There was the roomie who had a parade of family members in our tiny space at all hours. A snaking line of teenagers slouched over texting, cousins and in-laws, most who clearly didn’t want to be there but felt a deep Protestant duty while wondering where the nearest McDonald’s was. There was the roomie who ignored every warning and instruction, then fell in the night rendering her new knee replacement useless — and earning herself another replacement. There was the roomie who wouldn’t stop talking about her ailments to me through a curtain; how many times her hips, knees, and ankles had been done and she had no intention of going on that diabetic diet. A salad?! What were they crazy?! My roommates wouldn’t stop asking for food, even straight from surgery screaming for chocolate cake, tapioca pudding, and salted crackers. It was sun up to sun down –- I mean, Jesus did these people ever stop eating?

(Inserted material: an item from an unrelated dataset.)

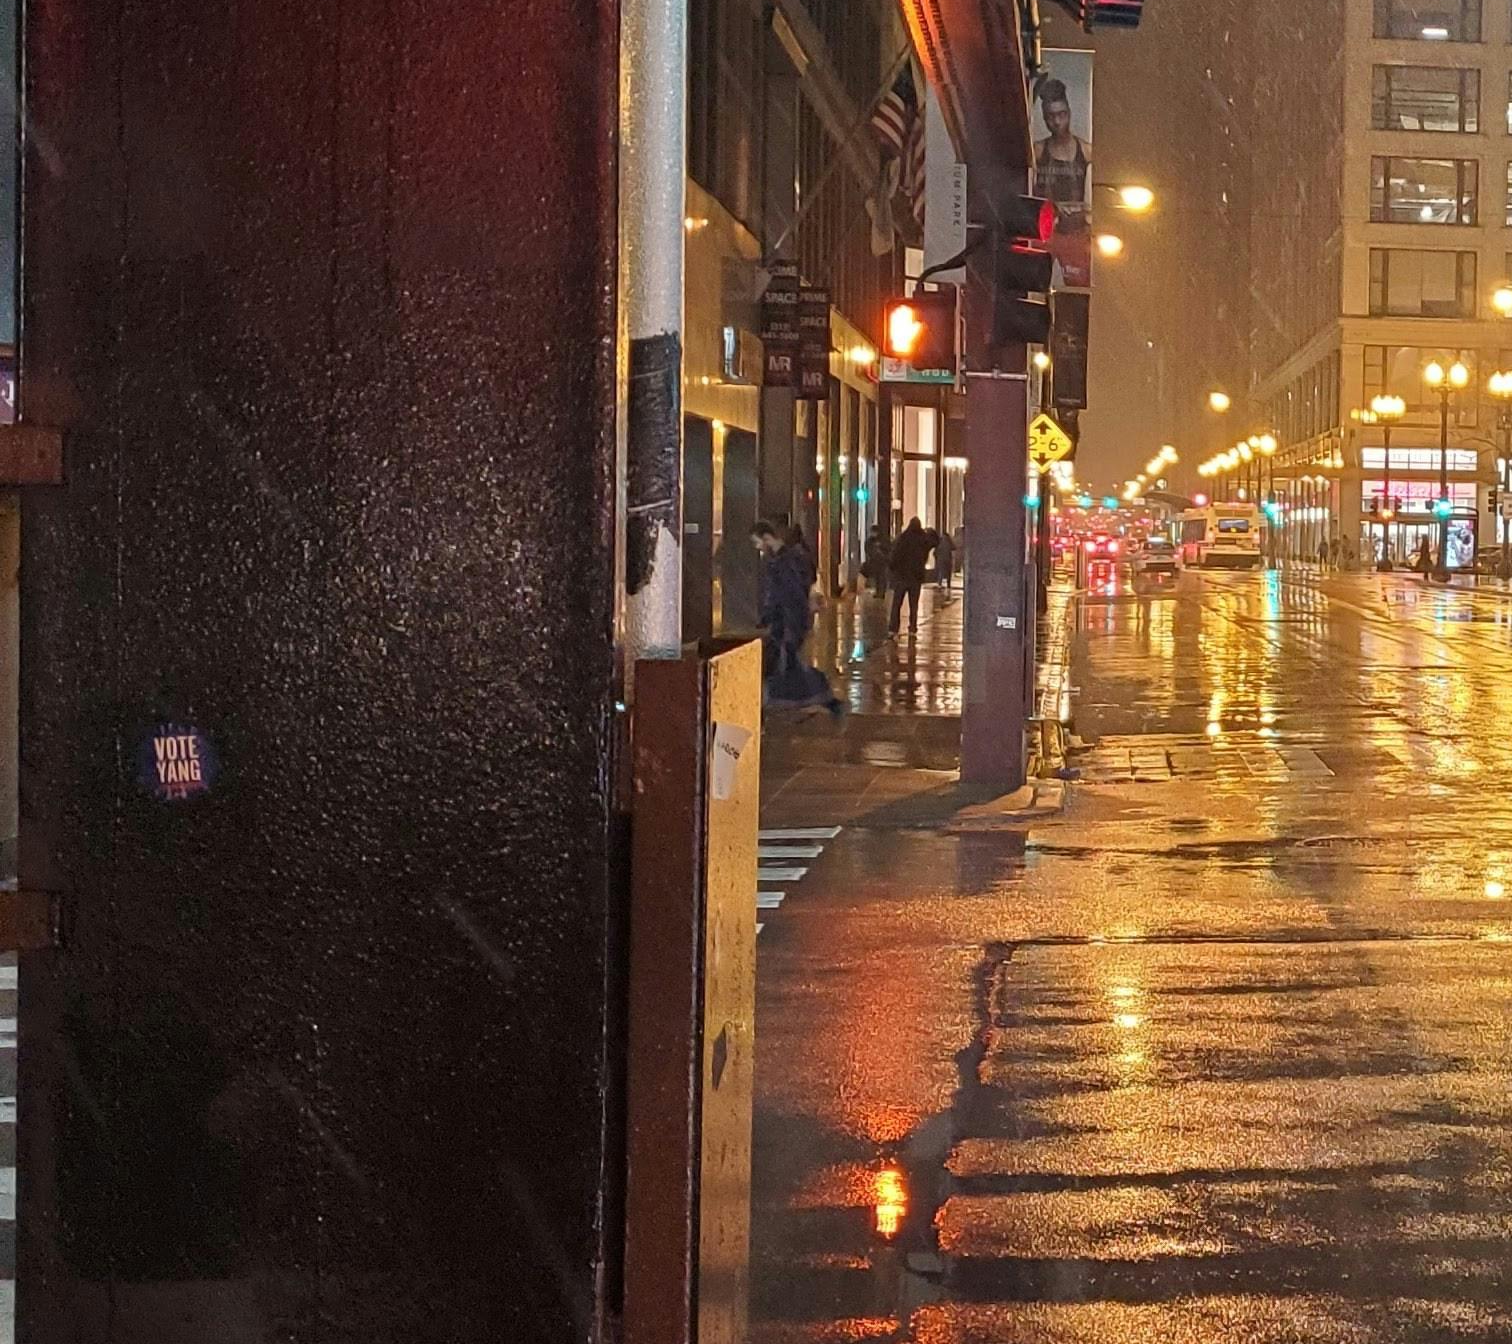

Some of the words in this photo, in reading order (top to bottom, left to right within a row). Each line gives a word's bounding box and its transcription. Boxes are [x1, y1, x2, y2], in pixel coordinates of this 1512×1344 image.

[765, 292, 798, 304] SPACE
[153, 735, 200, 761] VOTE
[156, 759, 202, 784] YANG

My favorite roomie of my tour of hospital stays was the nurse. As you can probably imagine, nurses make the worst patients. She had decided she hated the entire hospital staff, and me. She blamed my regular vitals as the reason she couldn’t sleep. Everyone was wrong, and everyone was out to ruin her life. To say she was combative with medical professionals would be an understatement. When I dropped a pencil and her sweet mother picked it up off the floor for me, you would think her mother had committed treason! Though I was sleep deprived, I delighted in her misery as I showed off my good coffee, French hand cream, and agile ability to scoot to the toilet all by myself.

Your hell might be better or worse during your hospital stay, but at least now you can be prepared. I wish I could tell you that doing it often makes it easier.

3 thoughts on “A Guide for the Habitual Hospital Patient”

  1. Your hospital comments are oh so true. I’ve had multiple surgeries since 2010 and have had ONE good visit after surgery. The first was a total nightmare. Defective equipment, couldn’t tolerate the meds, complications, poor house physicians. I actually saw my surgeon bouncing on his heels because he was so angry at them. So I really admire your sense of humor at all of it. Thank you for your candid stories.

    1. Oh Sue it is amazing isn’t it? I’m glad you have at least one tolerable experience. The first one is always the worst because you don’t know how to assert yourself let alone deal with any drugs that don’t work well.